Il arriva à la forge au moment du
repas. Il salua en entrant. Kalgar lui fit signe de s’asseoir à
côté d'Éeri. L'atmosphère de la pièce était comme toujours
chaleureuse et conviviale.
- Trecal...(Alors konsyli, tu pars en
mission !)
Tandrag fut étonné que Éeri lui
parle dans le langage des hommes du froid à la table commune. Il lui
répondit pareil et aussi à voix basse :
- Smaln...( Je vais commander deux
mains d'hommes et aller vers la vallée du dragon ! Si tout va
bien, je le verrai de près.)
- Tsei...(Très bien ! Le Prince a
su apprécier tes aptitudes.
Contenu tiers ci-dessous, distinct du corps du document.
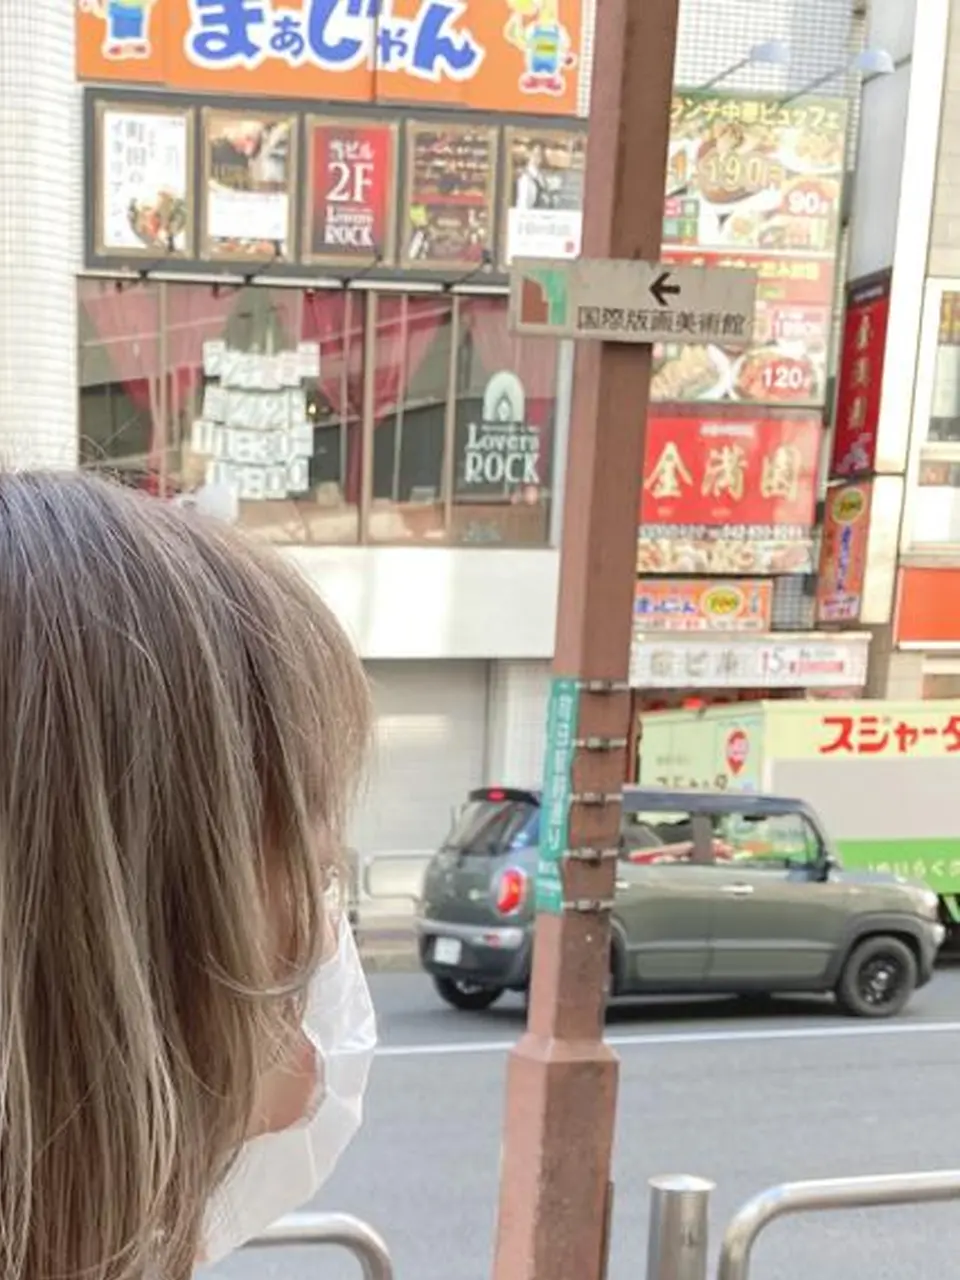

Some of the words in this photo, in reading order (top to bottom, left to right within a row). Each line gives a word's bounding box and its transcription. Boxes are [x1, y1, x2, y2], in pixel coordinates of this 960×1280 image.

[188, 0, 480, 74] まぁじゃん
[325, 162, 374, 203] 2F
[324, 223, 374, 247] ROCK
[577, 305, 746, 335] 国際版画美術館
[465, 423, 541, 451] Lovers
[465, 451, 541, 483] ROCK
Cela n'a pas plu à certains, mais tu es
là où tu dois être.)
- Trima...( Les nouvelles de Tichcou ne
doivent pas être bonnes pour que Quiloma ordonne les préparatifs de
combat. Il m'éloigne alors que la guerre arrive.)
- Quiloma... (Le Prince Quiloma est un
Prince neuvième. Ce qu'il fait et décide est ce qu'il y a de mieux.
Il saura nous mener à la victoire!)
- Sraa...( Tu n'aurais pas eu des
nouvelles de ceux qui sont revenus par hasard?)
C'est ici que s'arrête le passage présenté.